Records from a collection:
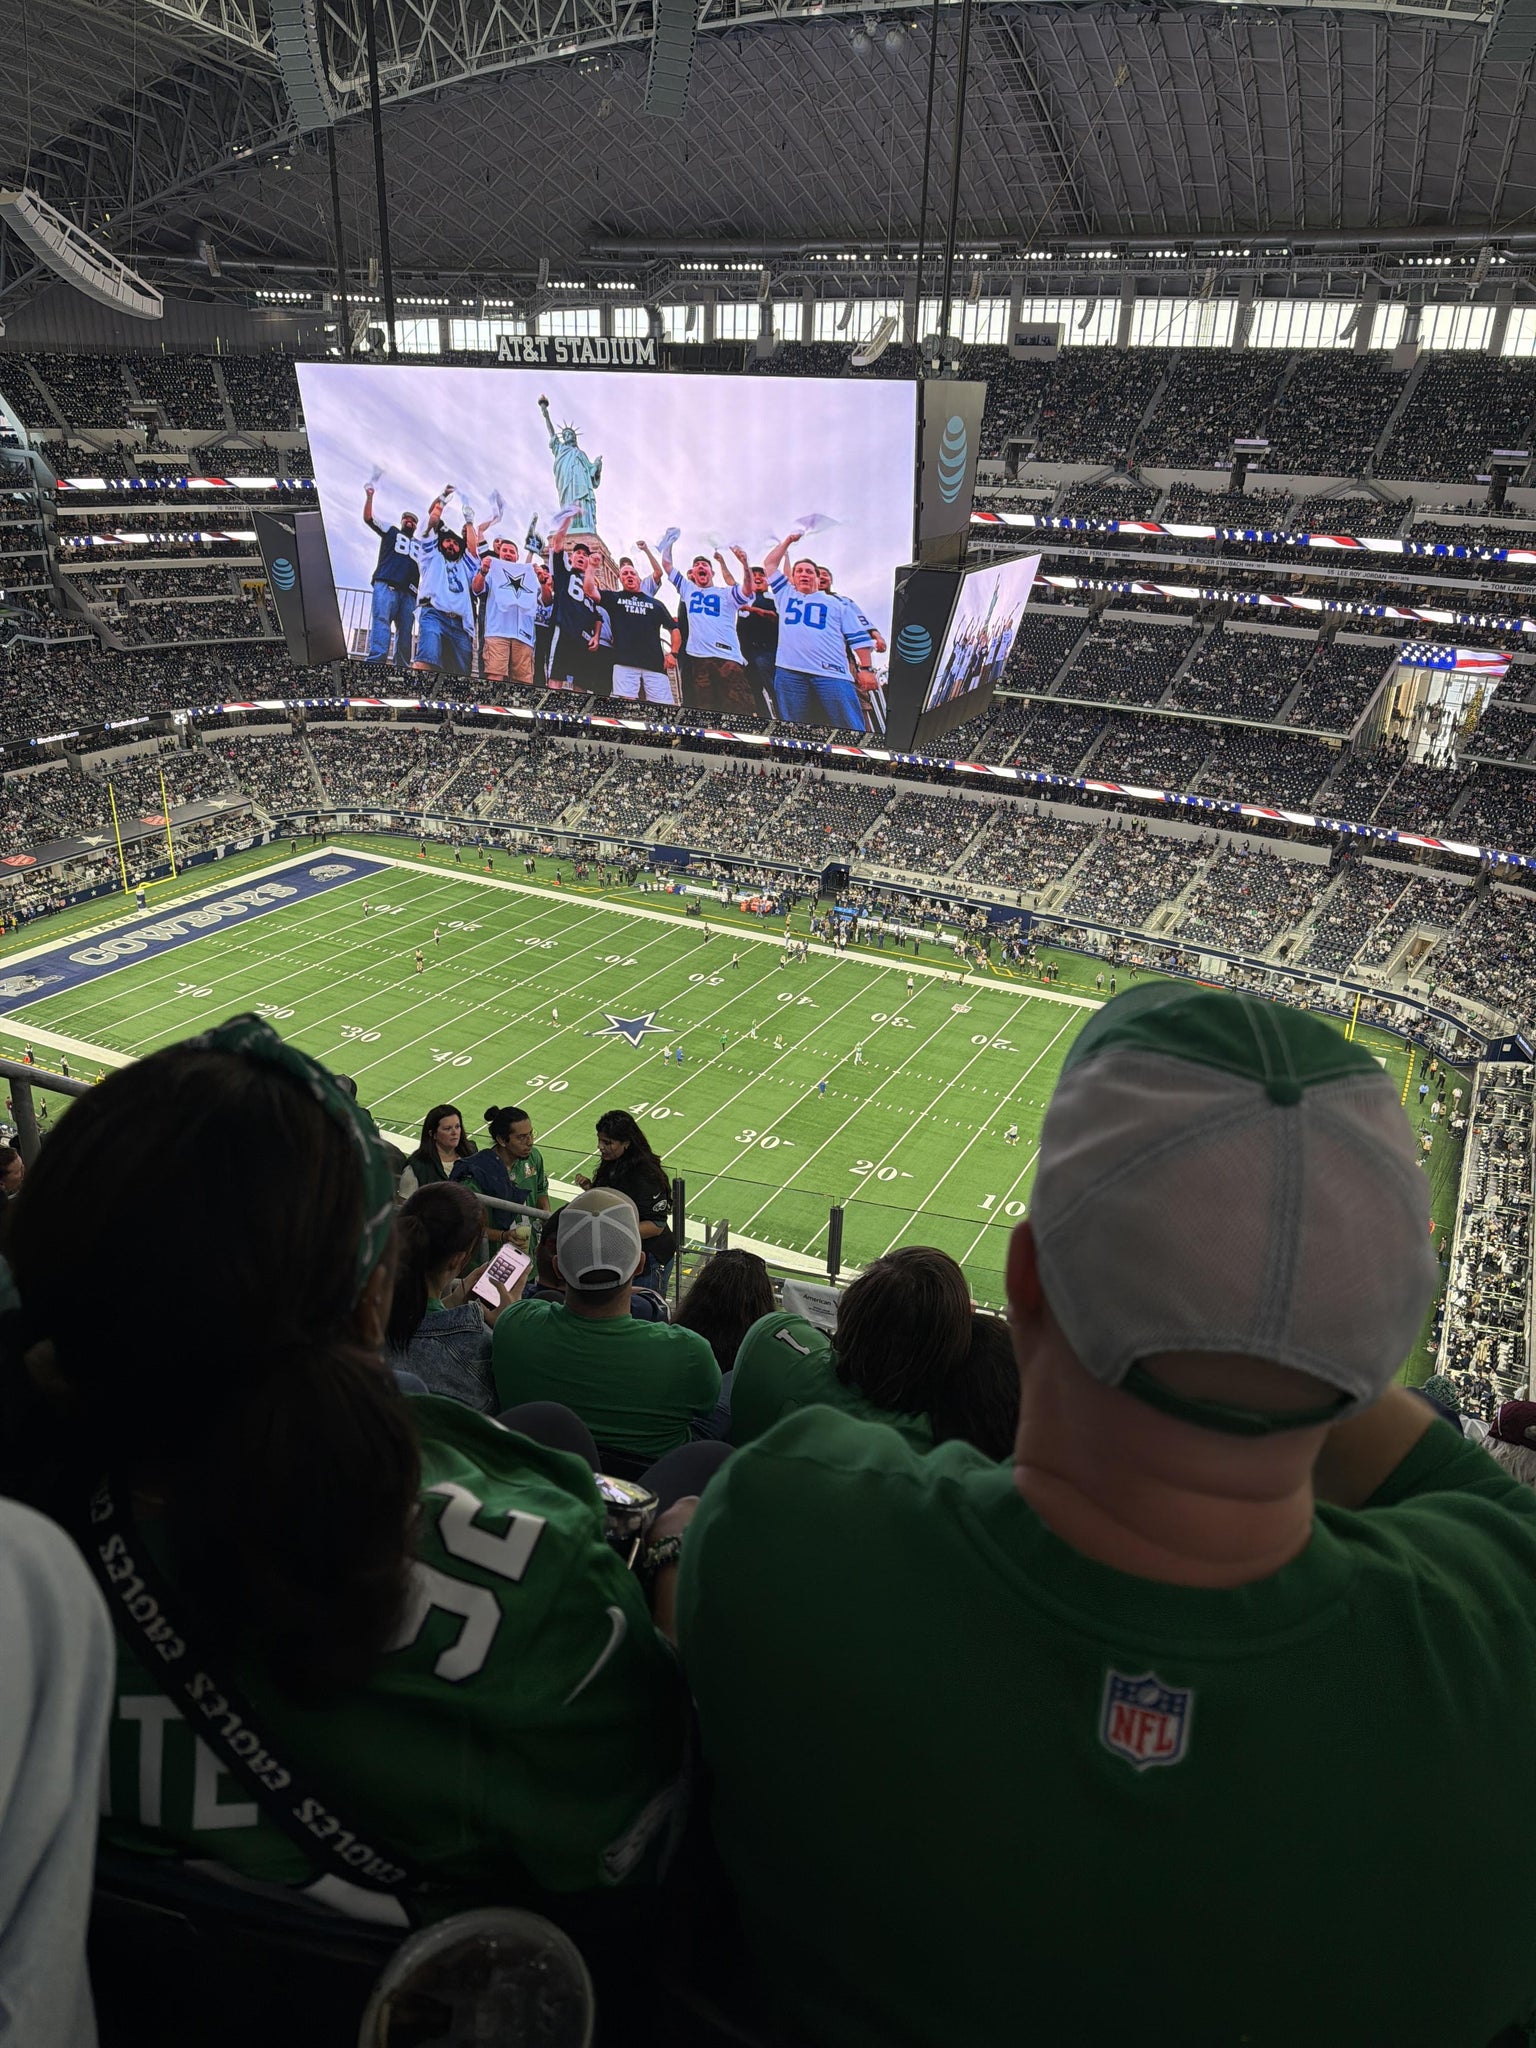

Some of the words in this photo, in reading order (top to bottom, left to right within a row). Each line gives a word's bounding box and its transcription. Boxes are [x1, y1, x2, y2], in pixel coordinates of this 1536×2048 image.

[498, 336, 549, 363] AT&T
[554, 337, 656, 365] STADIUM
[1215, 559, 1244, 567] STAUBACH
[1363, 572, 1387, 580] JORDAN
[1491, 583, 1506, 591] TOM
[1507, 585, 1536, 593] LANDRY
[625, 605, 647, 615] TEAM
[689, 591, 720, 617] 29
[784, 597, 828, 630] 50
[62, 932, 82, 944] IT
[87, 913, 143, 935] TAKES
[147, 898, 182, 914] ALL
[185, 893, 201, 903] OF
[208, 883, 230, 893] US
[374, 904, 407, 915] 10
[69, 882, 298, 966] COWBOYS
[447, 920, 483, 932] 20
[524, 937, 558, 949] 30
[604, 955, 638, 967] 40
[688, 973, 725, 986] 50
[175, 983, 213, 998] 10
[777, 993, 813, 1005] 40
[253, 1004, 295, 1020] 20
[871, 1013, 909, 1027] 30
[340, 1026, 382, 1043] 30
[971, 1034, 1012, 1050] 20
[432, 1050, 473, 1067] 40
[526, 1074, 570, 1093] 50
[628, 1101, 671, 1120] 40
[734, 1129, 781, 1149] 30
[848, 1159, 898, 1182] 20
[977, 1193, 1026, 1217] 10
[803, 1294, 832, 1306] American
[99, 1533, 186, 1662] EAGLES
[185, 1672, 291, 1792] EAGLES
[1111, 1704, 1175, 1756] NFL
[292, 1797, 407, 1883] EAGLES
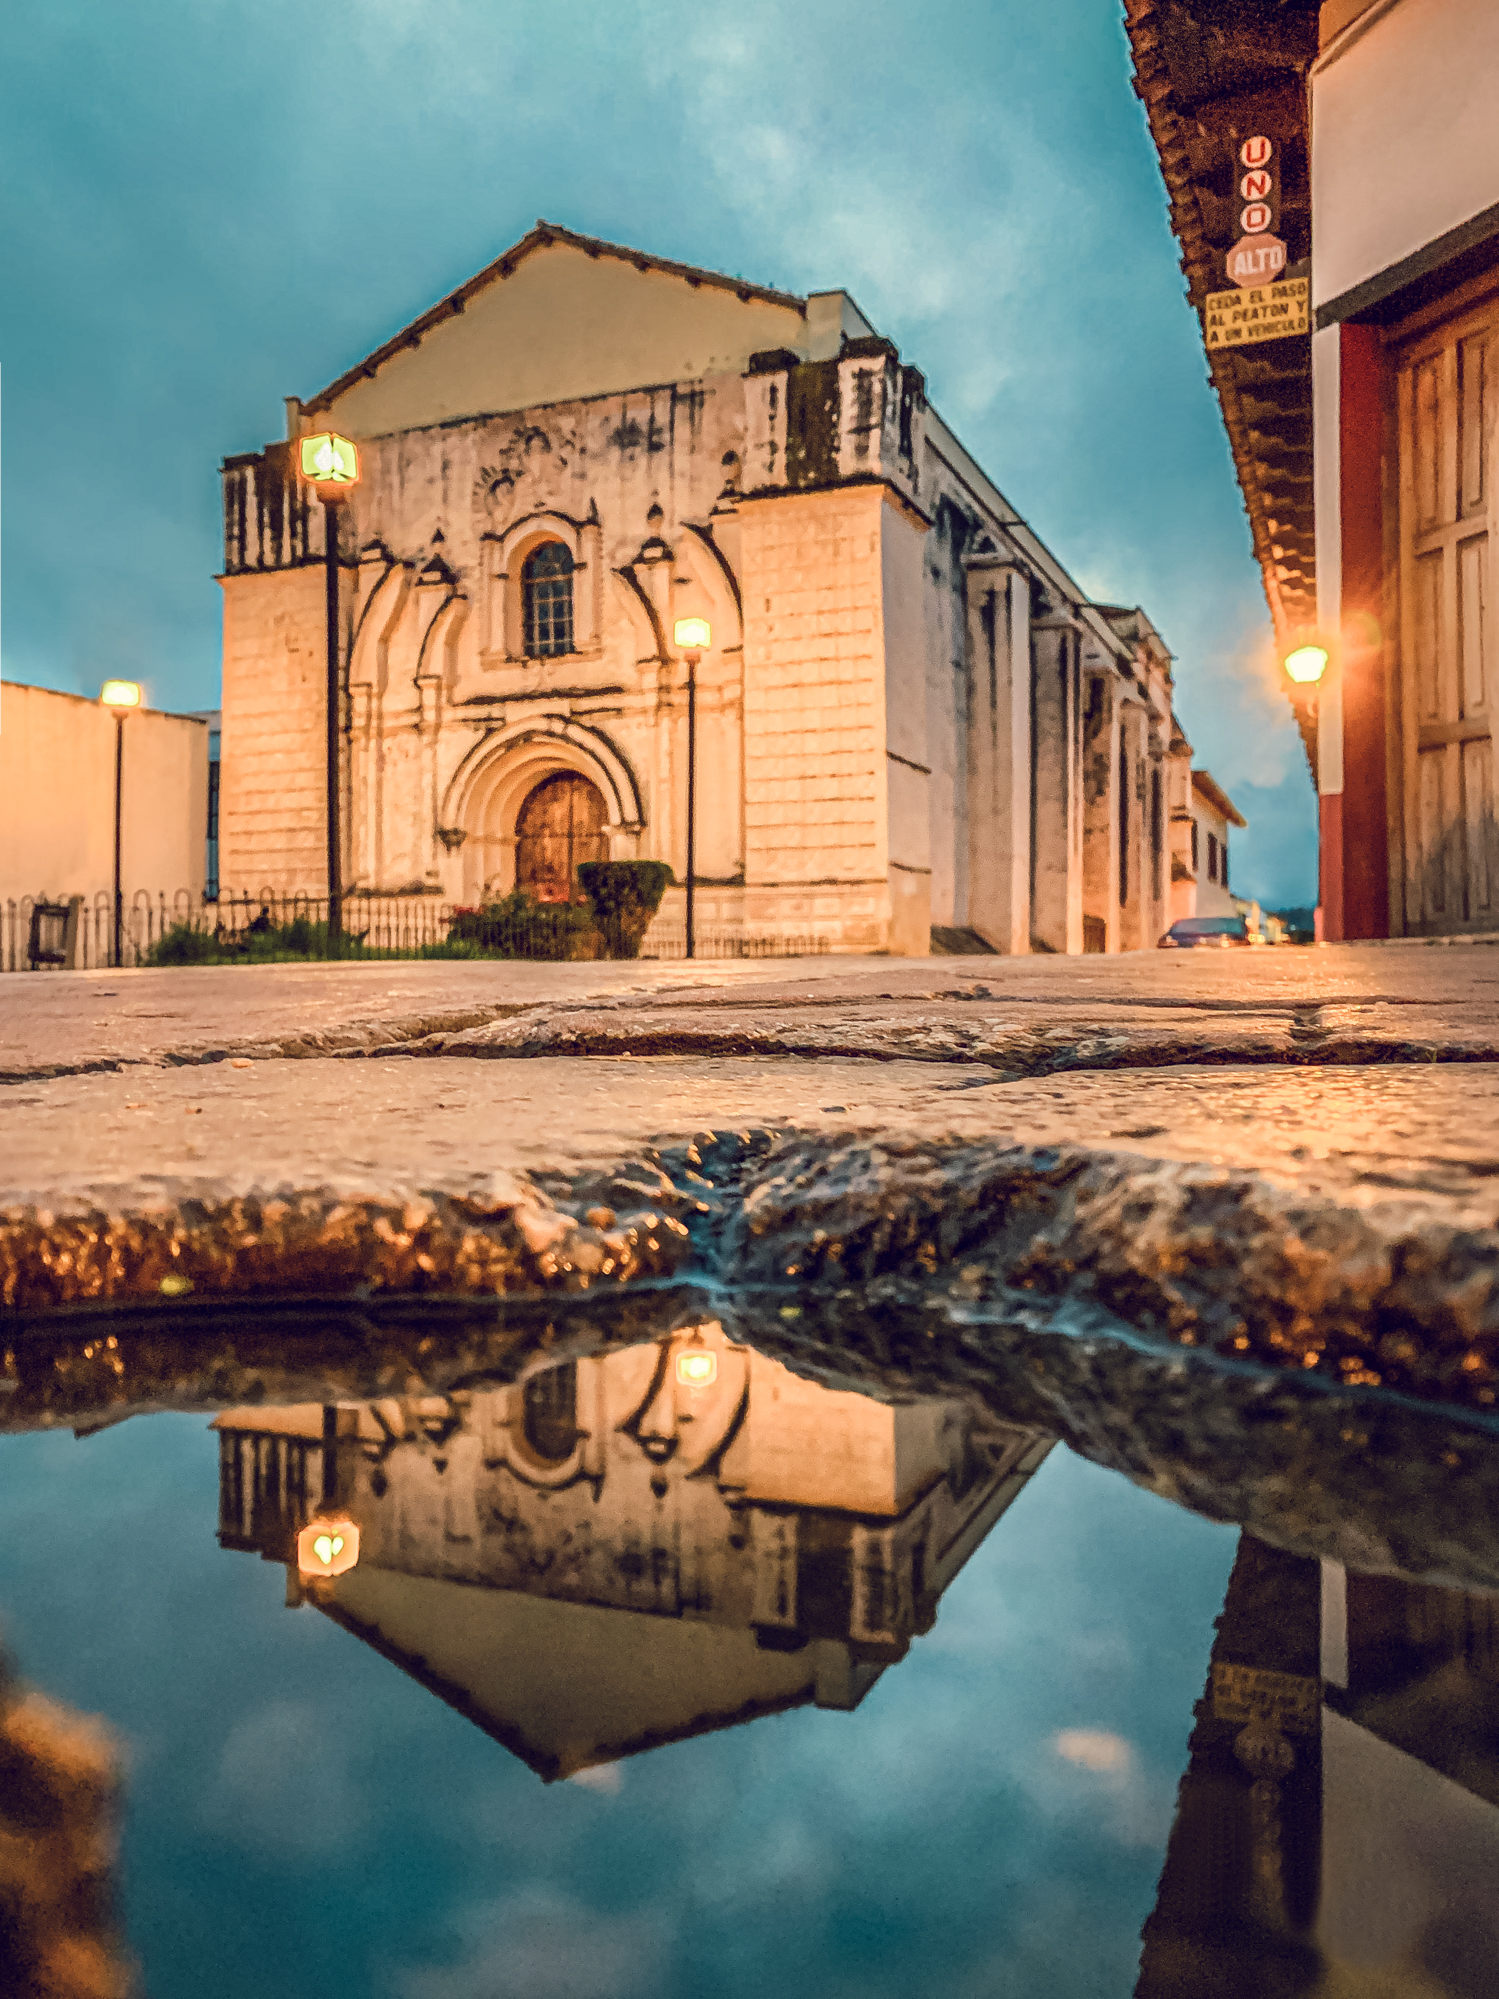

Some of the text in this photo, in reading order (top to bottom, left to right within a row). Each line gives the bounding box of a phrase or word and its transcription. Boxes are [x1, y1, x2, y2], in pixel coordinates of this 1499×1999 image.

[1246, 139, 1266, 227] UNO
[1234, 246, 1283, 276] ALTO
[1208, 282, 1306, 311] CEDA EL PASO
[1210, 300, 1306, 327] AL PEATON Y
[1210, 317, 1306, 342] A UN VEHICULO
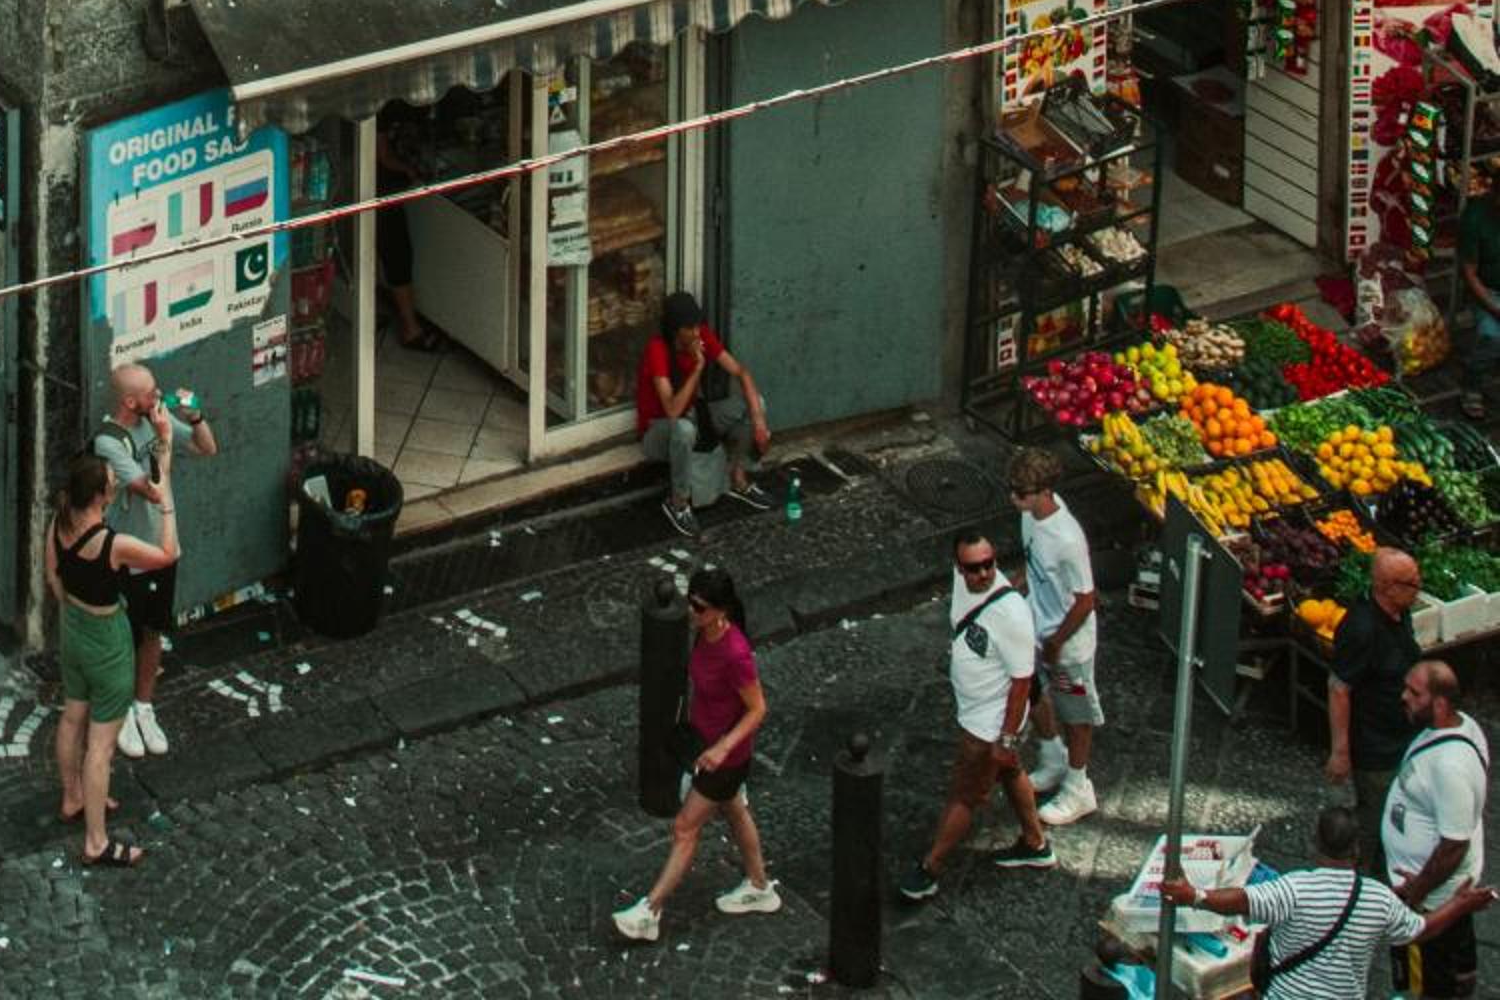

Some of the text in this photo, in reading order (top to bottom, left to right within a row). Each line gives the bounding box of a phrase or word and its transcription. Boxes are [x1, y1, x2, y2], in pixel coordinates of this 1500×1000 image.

WHAT YOU ARE ASKED TO DO:
An exact copy of the records is required. Pictures do not belong in it.

OUTPUT OF THE TASK:
Some of the words in this photo, in reading order (top to bottom, left to right within a row). Each line gives a word's bounding box and its transcription. Boxes are [x1, y1, x2, y2], in pixel coordinates of this 1536×2048 image.

[498, 336, 549, 363] AT&T
[554, 337, 656, 365] STADIUM
[1215, 559, 1244, 567] STAUBACH
[1363, 572, 1387, 580] JORDAN
[1491, 583, 1506, 591] TOM
[1507, 585, 1536, 593] LANDRY
[625, 605, 647, 615] TEAM
[689, 591, 720, 617] 29
[784, 597, 828, 630] 50
[62, 932, 82, 944] IT
[87, 913, 143, 935] TAKES
[147, 898, 182, 914] ALL
[185, 893, 201, 903] OF
[208, 883, 230, 893] US
[374, 904, 407, 915] 10
[69, 882, 298, 966] COWBOYS
[447, 920, 483, 932] 20
[524, 937, 558, 949] 30
[604, 955, 638, 967] 40
[688, 973, 725, 986] 50
[175, 983, 213, 998] 10
[777, 993, 813, 1005] 40
[253, 1004, 295, 1020] 20
[871, 1013, 909, 1027] 30
[340, 1026, 382, 1043] 30
[971, 1034, 1012, 1050] 20
[432, 1050, 473, 1067] 40
[526, 1074, 570, 1093] 50
[628, 1101, 671, 1120] 40
[734, 1129, 781, 1149] 30
[848, 1159, 898, 1182] 20
[977, 1193, 1026, 1217] 10
[803, 1294, 832, 1306] American
[99, 1533, 186, 1662] EAGLES
[185, 1672, 291, 1792] EAGLES
[1111, 1704, 1175, 1756] NFL
[292, 1797, 407, 1883] EAGLES

Some of the text in this photo, in reading order (top to bottom, left to right within a row). Each line gives the bounding box of a phrase or word and its transcription. Boxes are [x1, y1, x2, y2], in pixel coordinates of this 1499×1999 image.

[1246, 139, 1266, 227] UNO
[1234, 246, 1283, 276] ALTO
[1208, 282, 1306, 311] CEDA EL PASO
[1210, 300, 1306, 327] AL PEATON Y
[1210, 317, 1306, 342] A UN VEHICULO

Some of the text in this photo, in reading order (top to bottom, left to right within a row). Each line gives the bounding box of a phrase or word and its transcription. Boxes are [x1, y1, x2, y2], in pixel coordinates of this 1500×1000 image.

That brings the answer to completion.